(RECORDS FOR THIS EXERCISE begins)

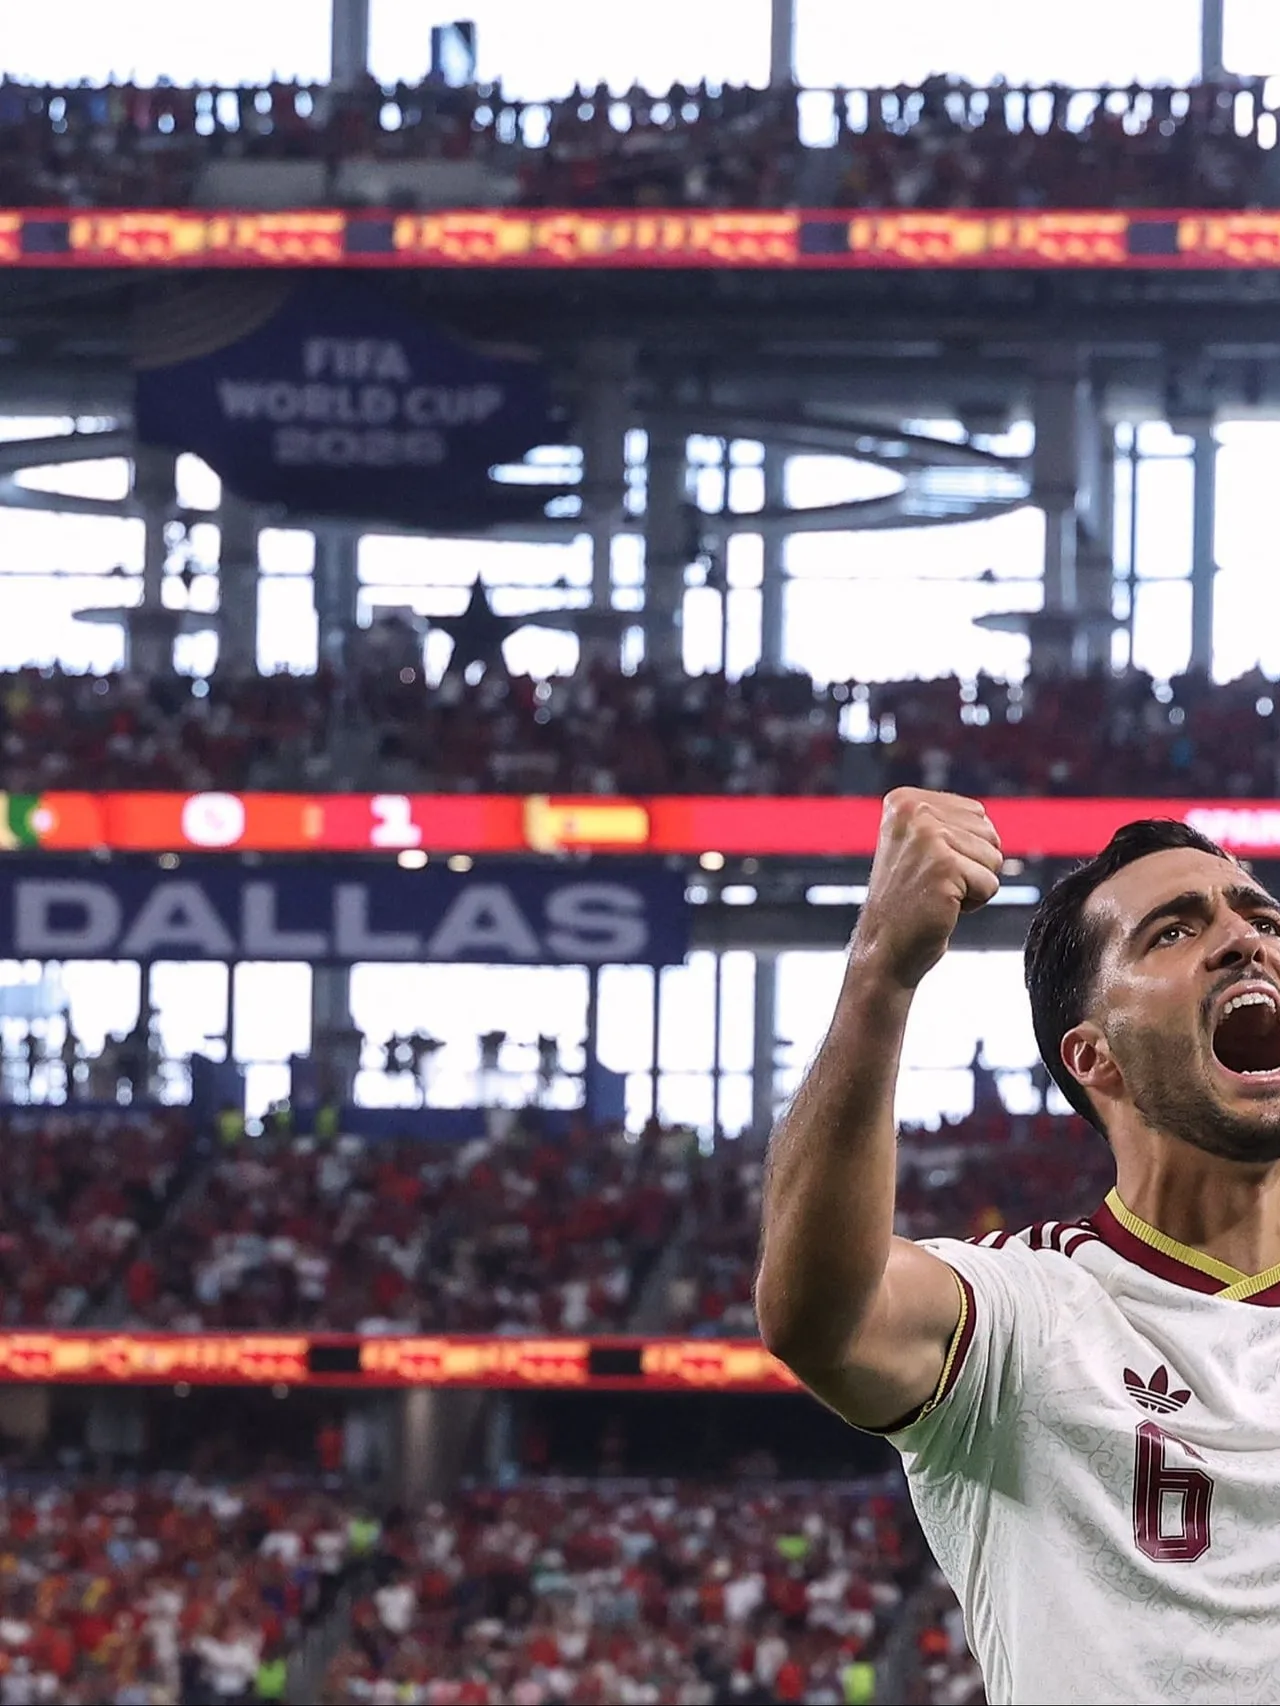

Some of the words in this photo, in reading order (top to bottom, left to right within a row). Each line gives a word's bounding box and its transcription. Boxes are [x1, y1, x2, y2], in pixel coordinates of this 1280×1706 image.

[303, 338, 410, 381] FIFA
[218, 379, 399, 423] WORLD
[404, 385, 504, 425] CUP
[274, 428, 446, 466] 2026
[14, 880, 650, 958] DALLAS
[1132, 1418, 1214, 1563] 6
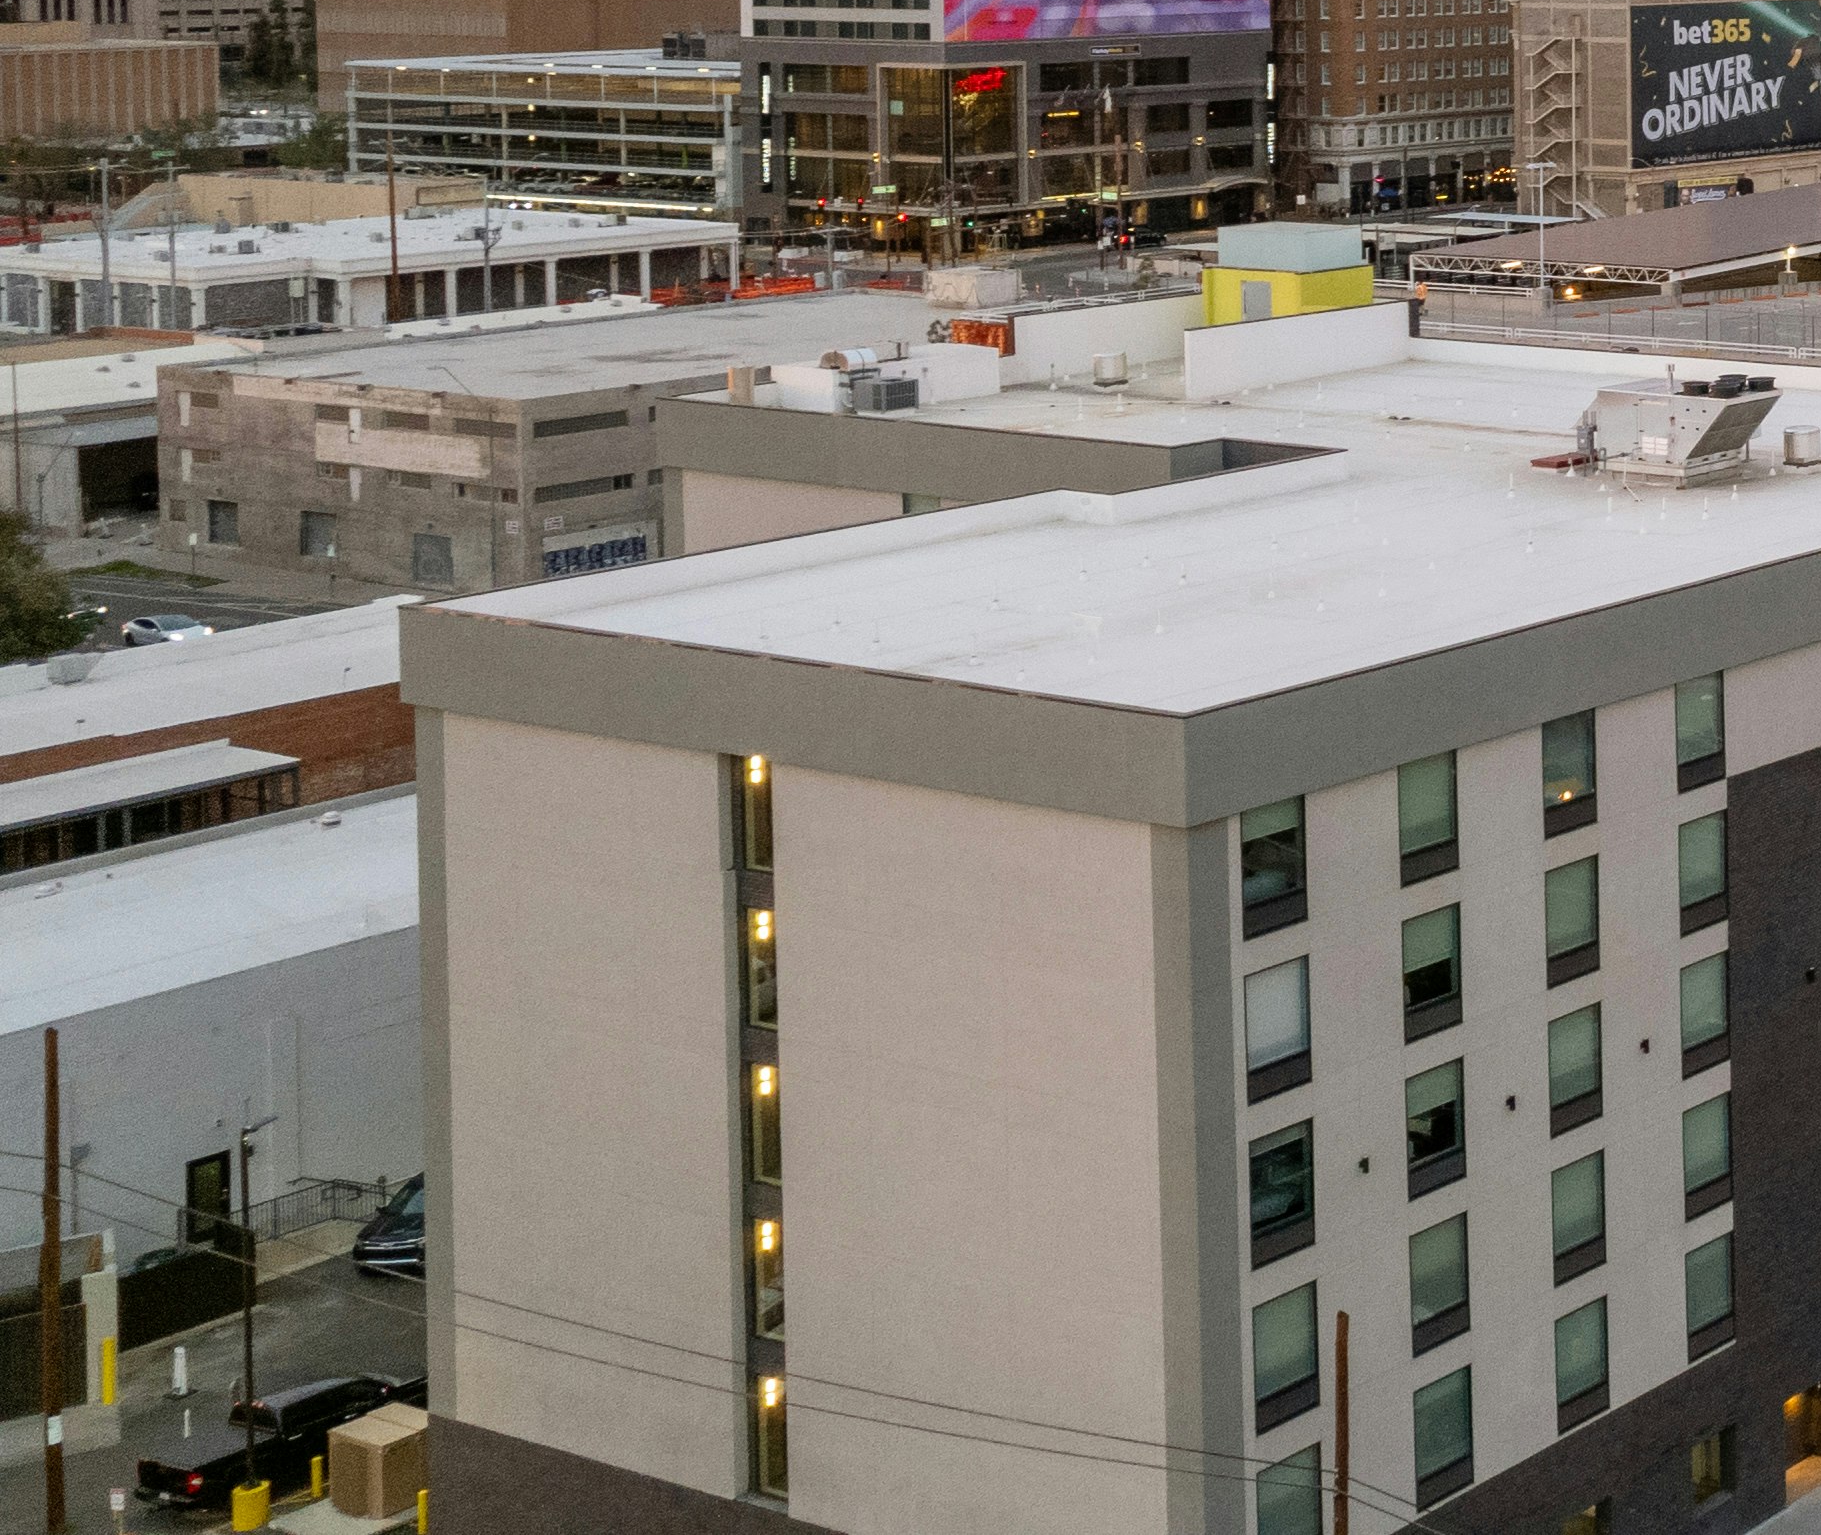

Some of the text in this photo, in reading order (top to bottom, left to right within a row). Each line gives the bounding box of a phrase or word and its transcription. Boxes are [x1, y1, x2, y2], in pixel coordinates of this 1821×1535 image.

[1673, 18, 1751, 46] bet365
[1669, 53, 1754, 103] NEVER
[1641, 76, 1786, 142] ORDINARY
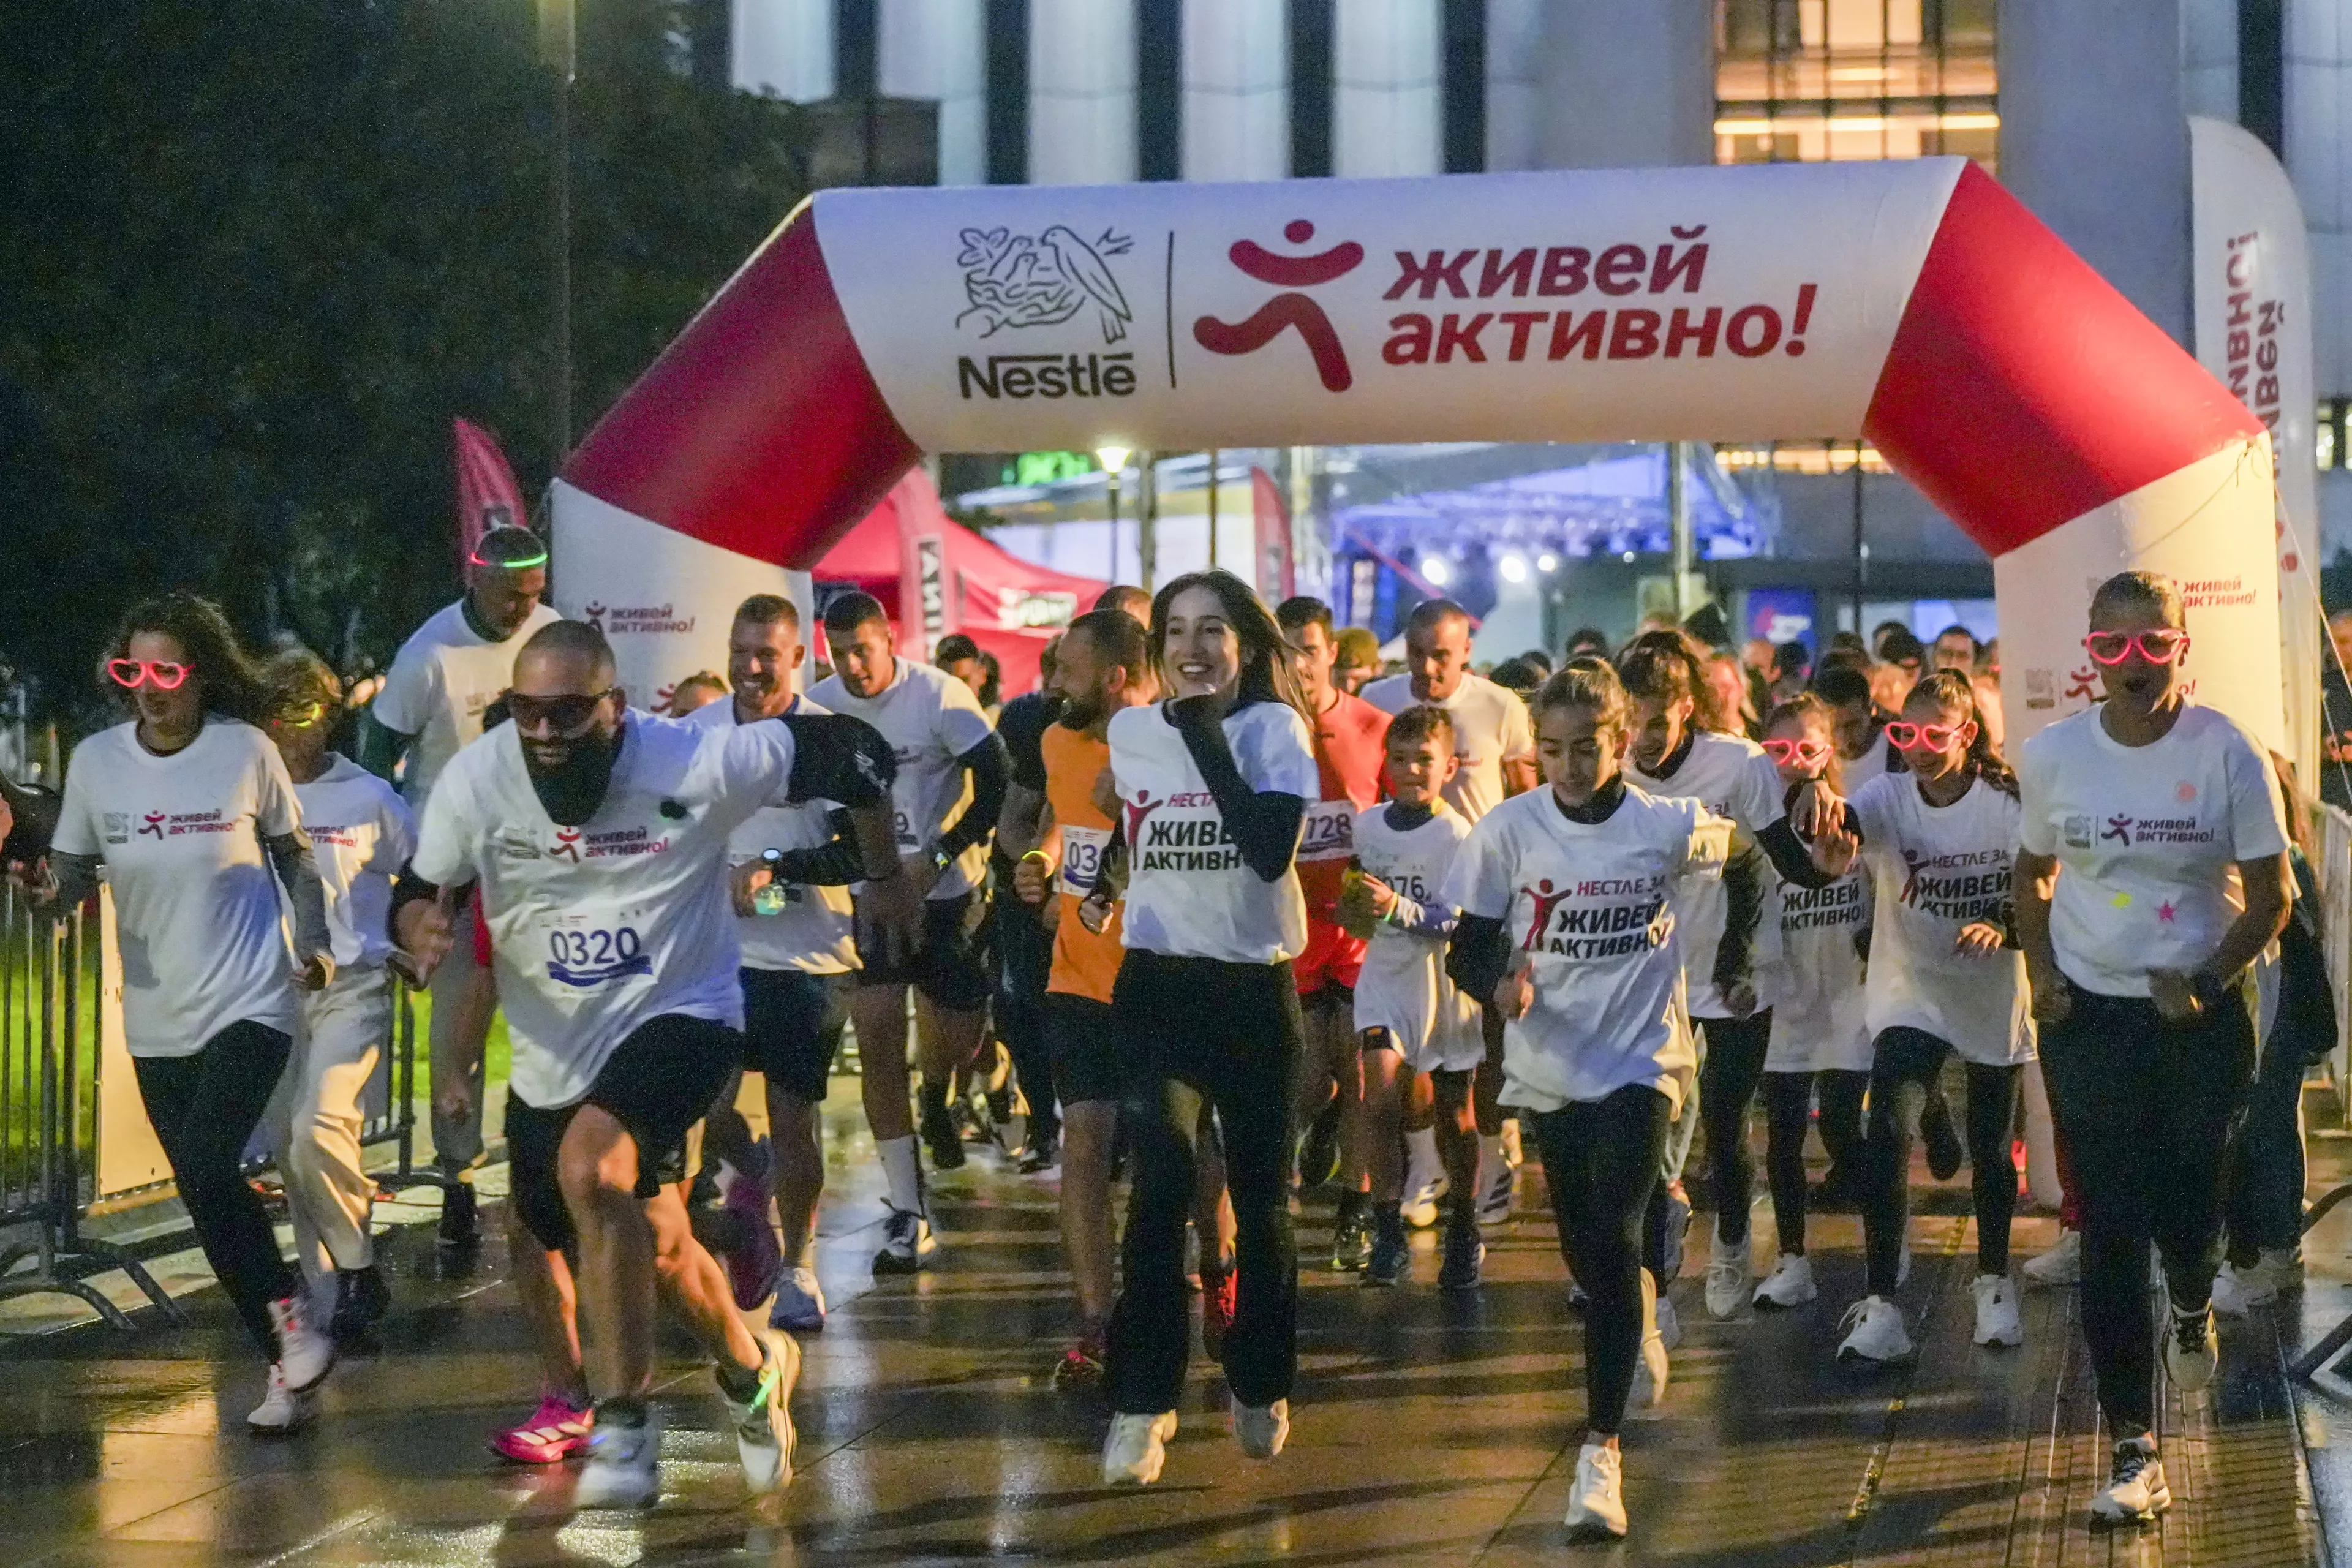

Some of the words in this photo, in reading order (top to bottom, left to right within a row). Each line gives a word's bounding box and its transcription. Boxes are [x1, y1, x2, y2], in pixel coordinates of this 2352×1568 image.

[1382, 224, 1711, 300] живей
[1382, 283, 1818, 366] активно!
[1167, 792, 1215, 807] НЕСТ
[1308, 813, 1352, 839] 728
[1069, 842, 1098, 872] 03
[1142, 850, 1241, 870] АКТИВН
[1577, 878, 1645, 896] НЕСТЛЕ
[1783, 878, 1860, 912] ЖИВЕЙ
[1920, 866, 2013, 899] ЖИВЕЙ
[1558, 892, 1664, 934] ЖИВЕЙ
[1781, 903, 1865, 934] АКТИВНО!
[551, 927, 641, 965] 0320
[1550, 921, 1670, 959] АКТИВНО!

(RECORDS FOR THIS EXERCISE ends)

- WORK TO BE COMPLETED:
Please transcribe every entry exactly as written, leaving the pictures out.

- SOLUTION TO THIS PROBLEM:
Some of the words in this photo, in reading order (top to bottom, left to right within a row). Each line gives a word's bounding box and its transcription. Boxes are [x1, y1, x2, y2], in pixel coordinates of this 1280×1706 image.

[303, 338, 410, 381] FIFA
[218, 379, 399, 423] WORLD
[404, 385, 504, 425] CUP
[274, 428, 446, 466] 2026
[14, 880, 650, 958] DALLAS
[1132, 1418, 1214, 1563] 6

Some of the text in this photo, in reading order (top to bottom, left to right within a row). Each line gives the bounding box of a phrase or word and its transcription. Boxes are [x1, y1, x2, y2], in pixel coordinates of this 1821×1535 image.

[1673, 18, 1751, 46] bet365
[1669, 53, 1754, 103] NEVER
[1641, 76, 1786, 142] ORDINARY

Some of the words in this photo, in reading order (top to bottom, left to right within a row). Each line gives a word's bounding box and its transcription. Boxes are [x1, y1, x2, y2], in pixel coordinates of this 2352×1568 image.

[1382, 224, 1711, 300] живей
[1382, 283, 1818, 366] активно!
[1167, 792, 1215, 807] НЕСТ
[1308, 813, 1352, 839] 728
[1069, 842, 1098, 872] 03
[1142, 850, 1241, 870] АКТИВН
[1577, 878, 1645, 896] НЕСТЛЕ
[1783, 878, 1860, 912] ЖИВЕЙ
[1920, 866, 2013, 899] ЖИВЕЙ
[1558, 892, 1664, 934] ЖИВЕЙ
[1781, 903, 1865, 934] АКТИВНО!
[551, 927, 641, 965] 0320
[1550, 921, 1670, 959] АКТИВНО!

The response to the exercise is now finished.